オルセン王太子はその様子を呆れた見ていたらしいがそっと尋ねた。
「ミュリアンナ。それで話はシガレス国の国王にミュリアンナとルカ・マクファーレン公爵令息との結婚が決まったと言えばいいと言う事なのか?」
さすがロガワロ国王太子。洞察力すごい!
「はい、オルセン王太子お分かりになったんですか?」
「まあな。昨日のアリーシャ王女の態度を見ていればルカを好きだと分かった。どうせ私が退室した後に王命で婚約しろとでも言ったんだろう?」
「取りあえず断りましたがこのままでは王命を使われるのではと思っていました。オルセン王太子にこんな事を頼むなんて‥本当にいいんでしょうか?」
まだ頼んでもいないのに?私はまだ信じれなかった。
「当たり前だ。ミュリアンナは私の異母妹だぞ。ロガワロの王女なんだ。こちらの決定に従ってもらって何が悪い?」
「私すごくうれしいです。

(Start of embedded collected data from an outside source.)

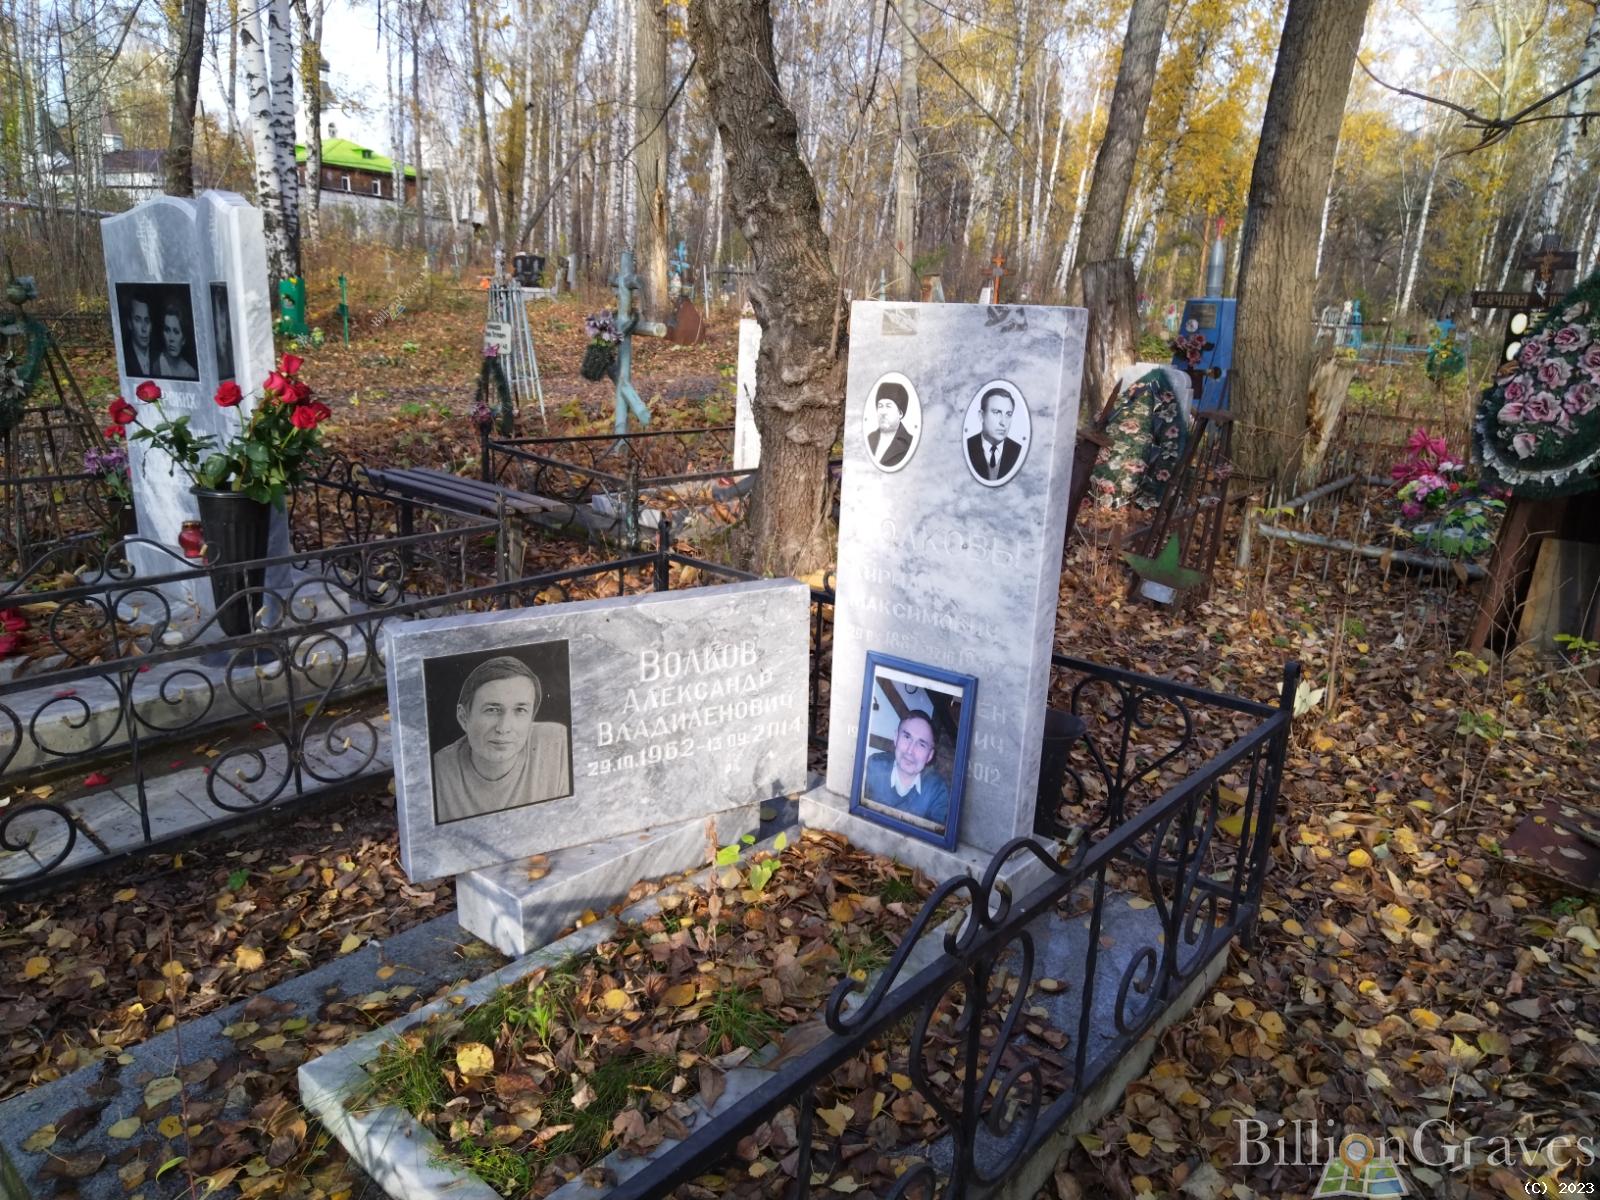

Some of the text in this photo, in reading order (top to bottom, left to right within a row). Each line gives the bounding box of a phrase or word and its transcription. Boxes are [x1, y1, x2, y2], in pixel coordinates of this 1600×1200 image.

[640, 640, 758, 683] ВОЛКОВ
[622, 669, 773, 714] АЛЕКСАНДР
[598, 693, 794, 747] ВЛАДИЛЕНОВИЧ
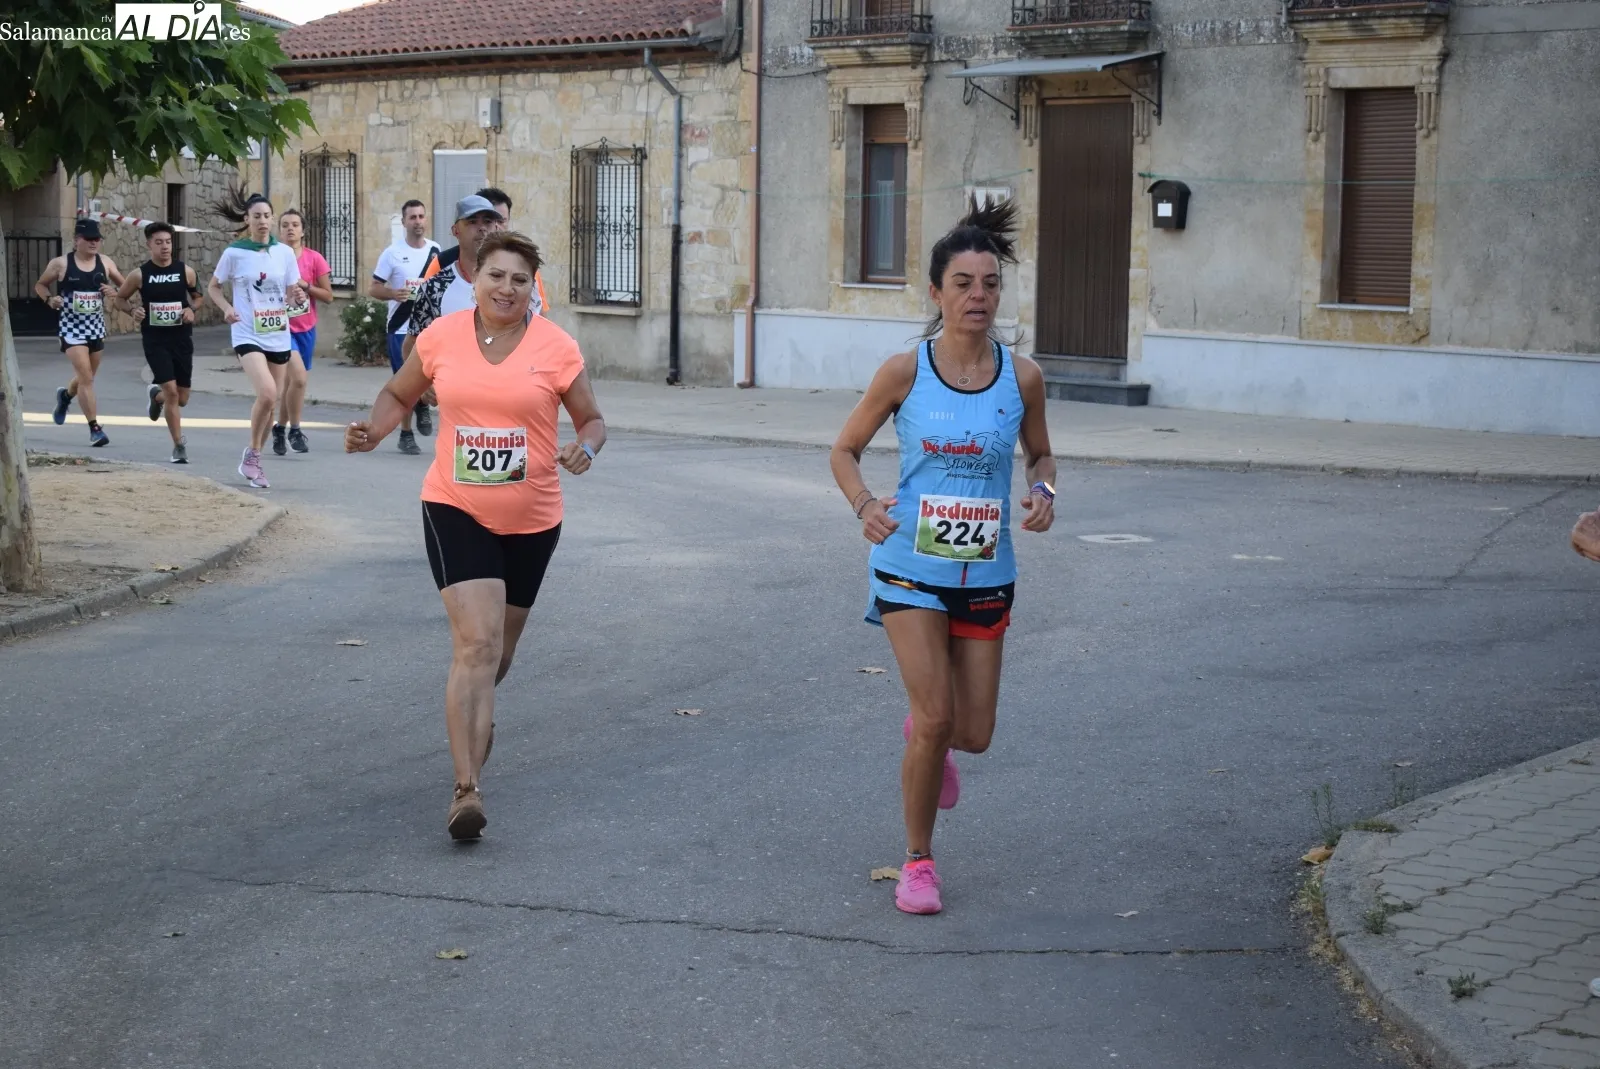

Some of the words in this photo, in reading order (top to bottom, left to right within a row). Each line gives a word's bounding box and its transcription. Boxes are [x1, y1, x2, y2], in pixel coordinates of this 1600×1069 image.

[148, 273, 181, 284] NIKE
[79, 299, 97, 308] 213
[151, 304, 182, 312] bedunia
[156, 311, 176, 320] 230
[254, 308, 286, 317] bedunia
[261, 316, 281, 328] 208
[456, 429, 526, 449] bedunia
[466, 448, 513, 472] 207
[951, 457, 993, 473] FLOWERS
[920, 500, 1000, 521] bedunia
[934, 520, 985, 547] 224
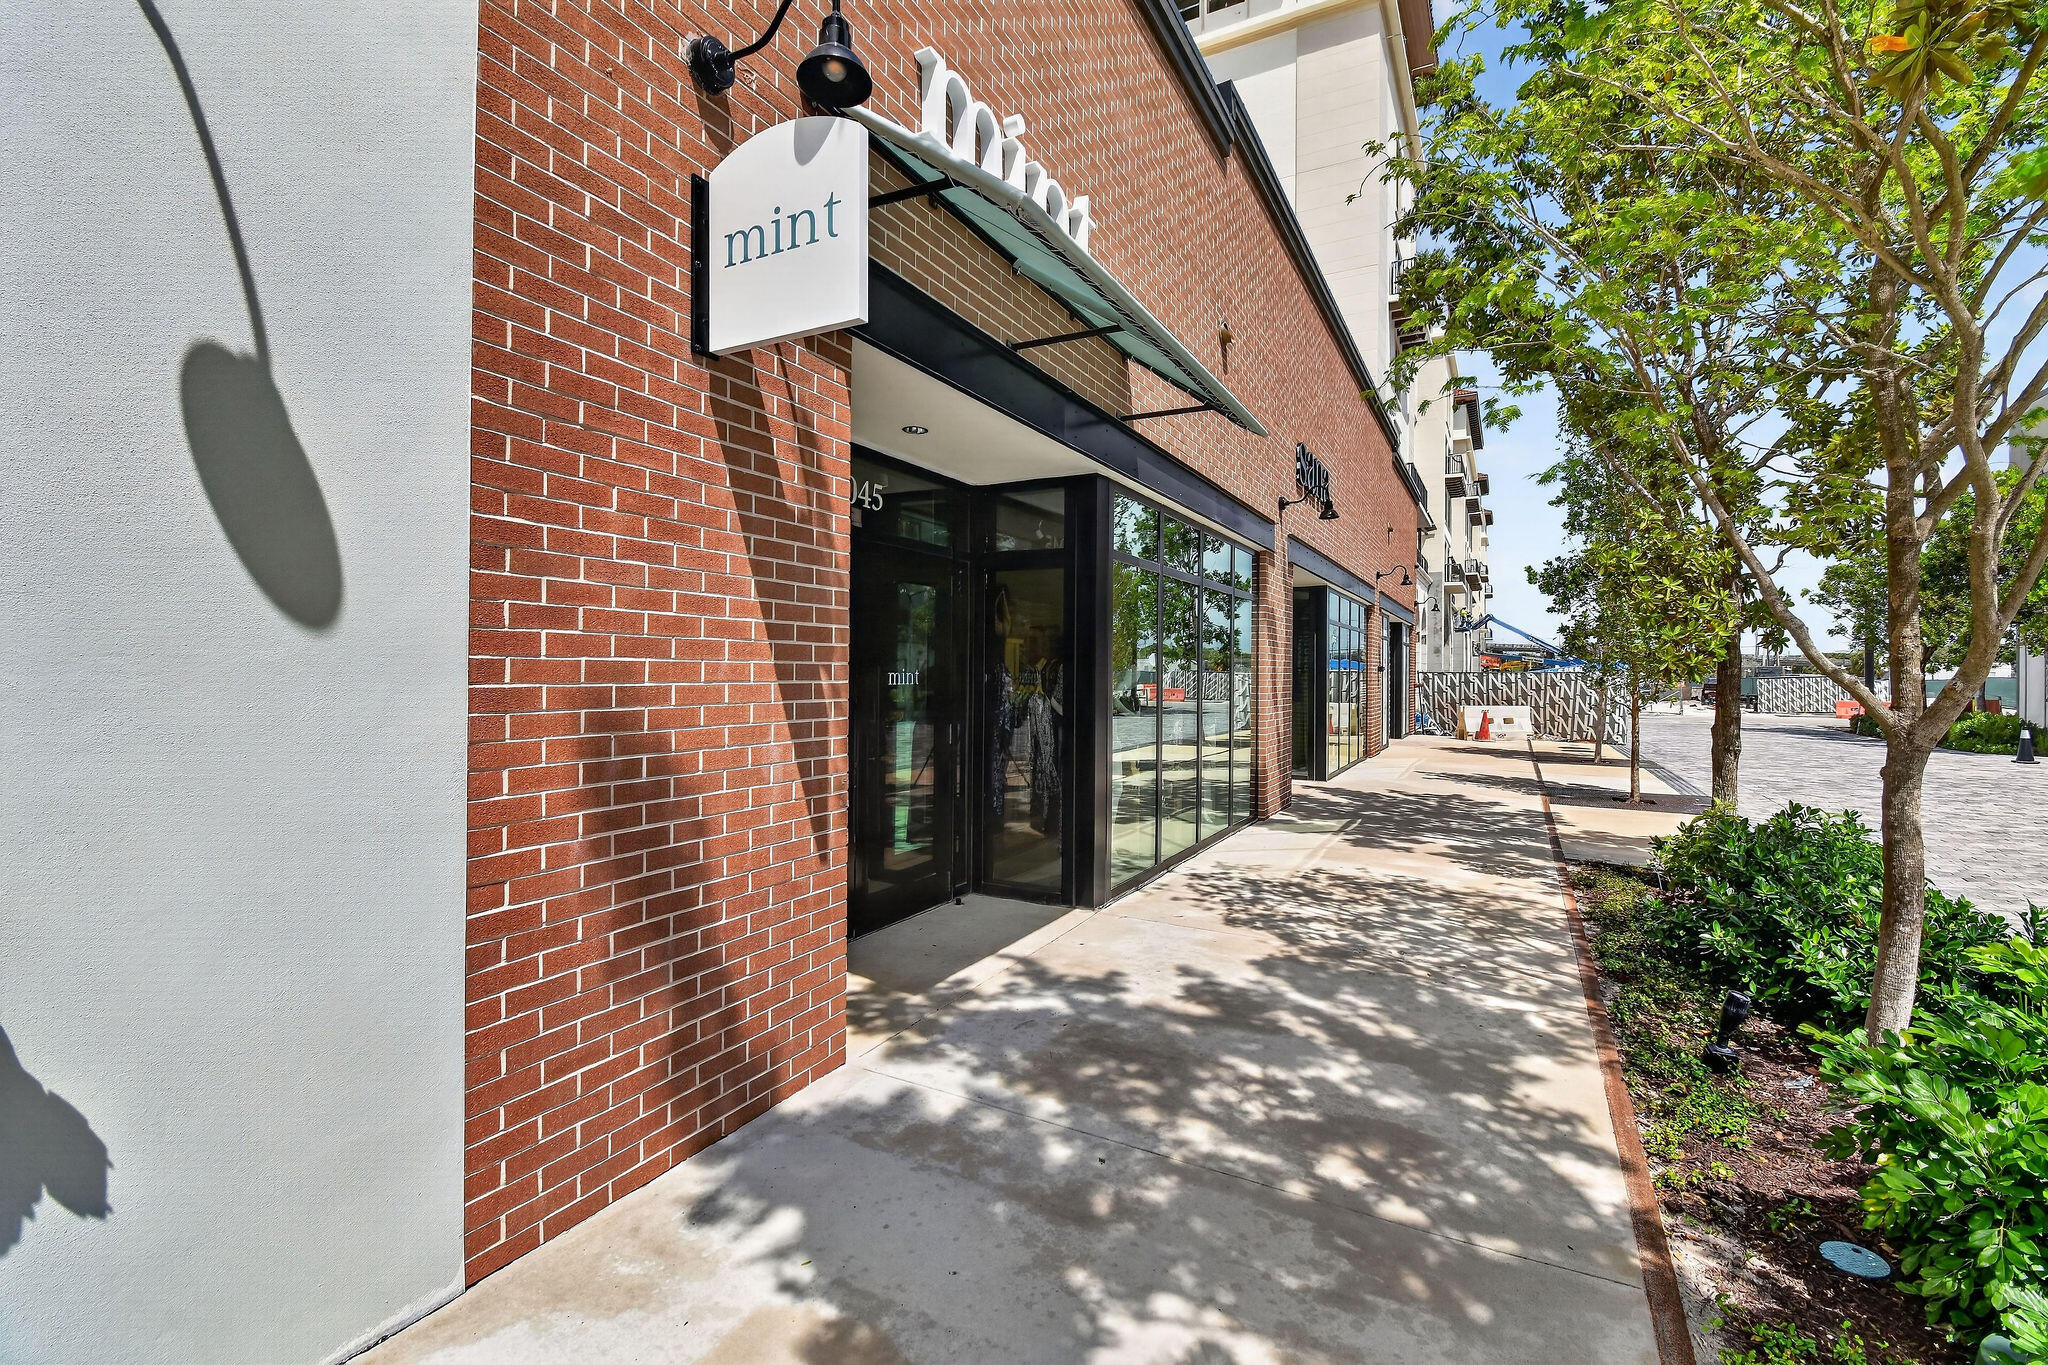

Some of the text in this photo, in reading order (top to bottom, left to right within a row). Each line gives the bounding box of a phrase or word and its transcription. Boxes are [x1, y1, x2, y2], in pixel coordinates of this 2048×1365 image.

[914, 46, 1098, 255] mint
[724, 191, 842, 268] mint
[887, 668, 920, 686] mint
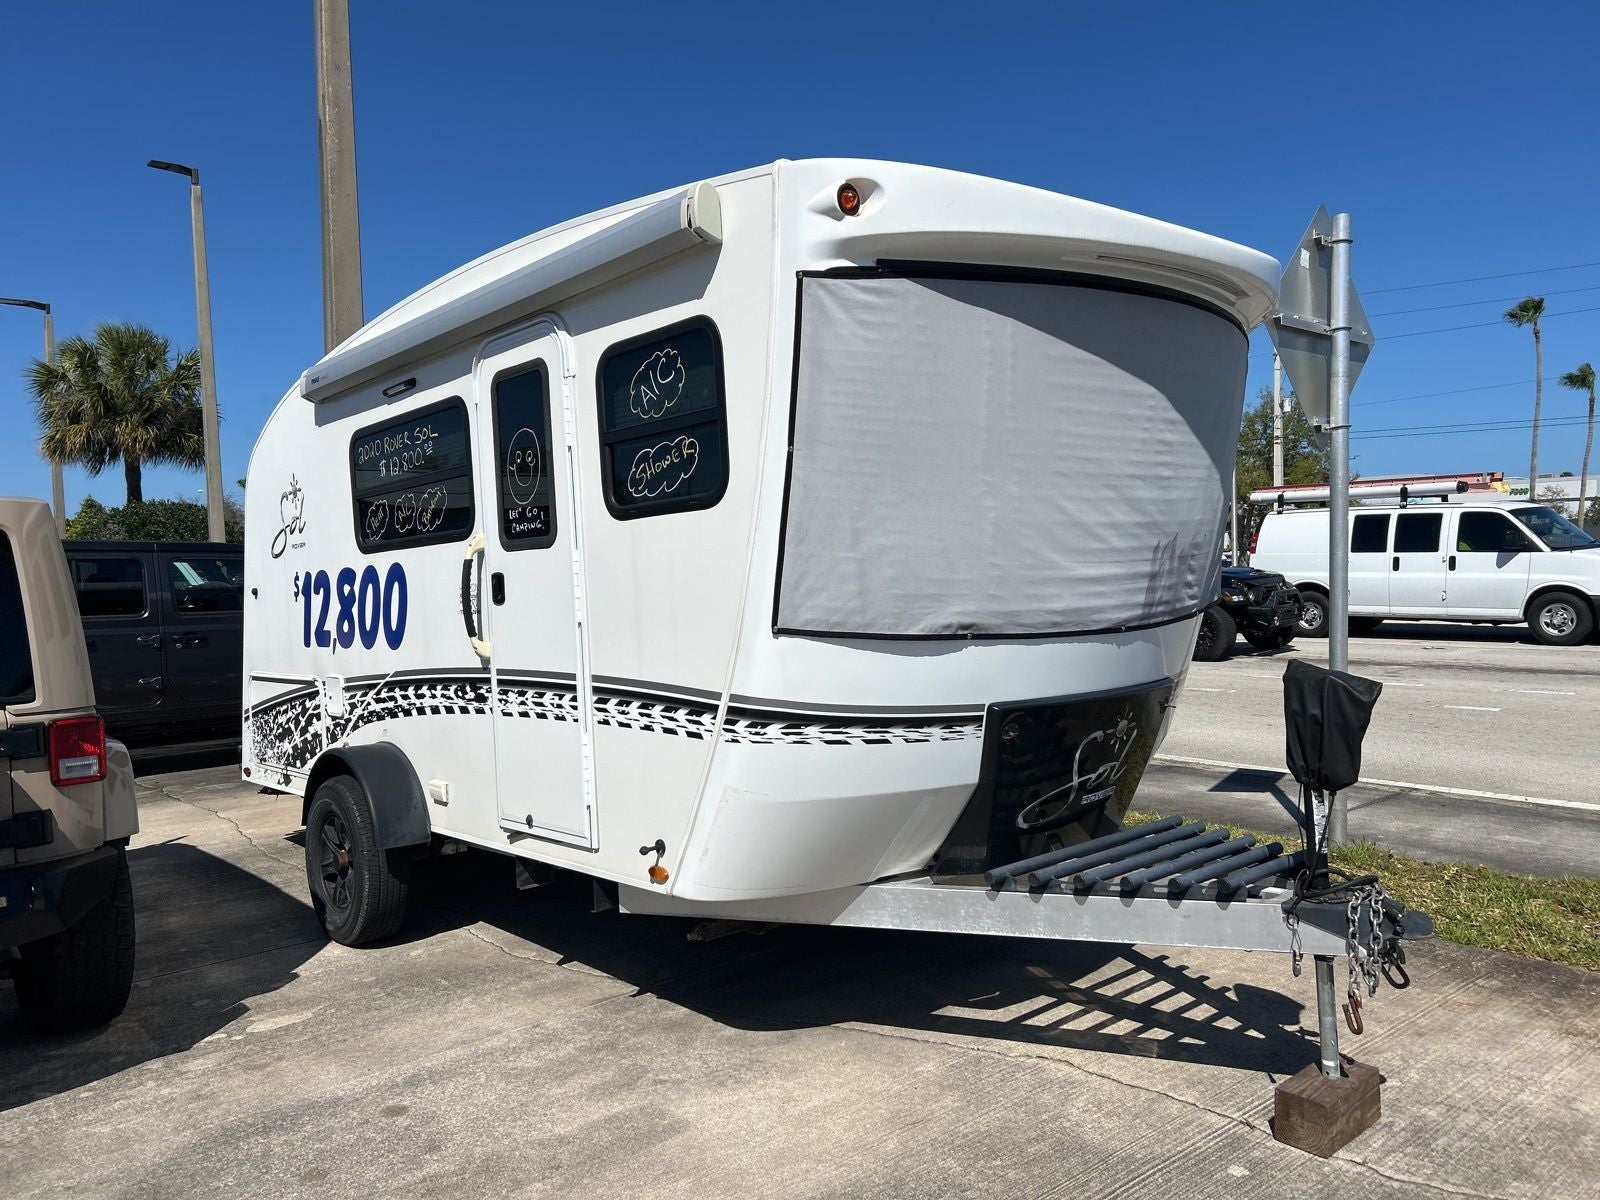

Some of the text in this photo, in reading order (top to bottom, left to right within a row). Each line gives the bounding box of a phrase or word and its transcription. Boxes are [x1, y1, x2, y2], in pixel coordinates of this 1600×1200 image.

[641, 357, 675, 410] A/C
[358, 425, 439, 464] 2020 ROVER SOL
[635, 440, 695, 491] SHOWER
[526, 506, 538, 517] GO
[293, 562, 408, 656] $12,800

オルセン王太子本当にありがとうございます」
「いいんだ。それにそこはお兄様じゃないのか?私もまだ実感がわかないがよく見ればほら」
オルセン王太子が自分の顔と私の顔を指さす。
「最初にミュリアンナを見た時、違和感を覚えた。だが、やっとわかった。ほら、見てみろ。私とミュリアンナの目。よく似てるだろう?」
私はオルセン王太子の目を見た。でも、自分と似てるかなんてよくわからない。
「「「ああぁぁぁ~」」」
「ほんとだミュリアンナ。やはり血は争えないって言う事ですね。ほんとにそっくりだよ」
ヒックス兄様が声を上げた。バクショット兄様もルカ様もうんうんと頷いている。
「わかっただろう?ミュリアンナは私の異母妹だと言うことは確かなんだ。これからは仲良くやって行こう。いいな?」
内心まだ信じ切れていなかったが、ルカ様がそう思うならもう間違いはないと思えた。
「はい、お兄様!」
「ああ、こんな妹が出来てうれしいよ。それにベネット辺境伯の皆さんともお近づきになれて光栄だ」
「「「こちらこそ、よろしくお願いします!」」」
「ルカ・マクファーレン公爵令息君ともこれから長い付き合いになるだろう。よろしく頼む」
「はい、オルセン王太子。こちらこそよろしくお願いします!」
ルカ様は立ちあがって騎士隊式の敬礼をした。